Durable goods
  • Durable goods orders 0.4% vs. 0.6% expected. Prior month revised to 0.6% from 1.1%
  • nondefense Cap Ex Air 0.3% vs. 0.5% expected. Prior month revised to 1.1% from 1.3%
  • Ex Defense 0.3% vs. 1.0% expected. Prior month revised to 1.2% from 1.4%
  • Ex transportation 0.3% vs. 0.6% expected. Prior month revised to 1.2% from 1.4%
  • durable goods are still up 6 the last 7 months
  • shipments of manufactured durable goods in April increase by 0.1%. It is the 11th increase in at 12 months. In March shipments increased by 1.4%
  • unfilled orders rose for the 20th consecutive month. Increase by 0.5% followed by a 0.5% increase in March.

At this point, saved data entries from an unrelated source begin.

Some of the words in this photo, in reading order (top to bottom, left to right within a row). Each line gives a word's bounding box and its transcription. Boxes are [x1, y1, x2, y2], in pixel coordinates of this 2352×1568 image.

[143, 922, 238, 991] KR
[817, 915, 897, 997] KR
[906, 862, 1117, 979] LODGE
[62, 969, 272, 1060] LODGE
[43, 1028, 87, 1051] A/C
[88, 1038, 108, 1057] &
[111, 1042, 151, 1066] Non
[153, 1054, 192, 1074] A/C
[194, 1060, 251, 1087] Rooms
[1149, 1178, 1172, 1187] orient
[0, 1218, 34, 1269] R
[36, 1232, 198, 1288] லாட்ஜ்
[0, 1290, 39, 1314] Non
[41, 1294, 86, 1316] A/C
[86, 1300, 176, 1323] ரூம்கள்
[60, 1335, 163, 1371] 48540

Transportation equipment rose for the 14th of 15th month and led the increase by 0.7%

Overall numbers are worse than expected across the board with revisions also lower.

The expectations for a 50 basis point hike by the Federal Reserve at the next 2 meetings has moved below 100%, but is still centered around 95%. However in September, the expectations for 50 basis point cut has been slashed to around 30% as traders take away some of the hike expectations due to the weaker than expected data seen recently (and stock/housing price declines/inflation increases).

According to CNBC, the terminal rate for rates is expected to peak at 2.92% in July 2023. That is down around 50 basis points from its peak.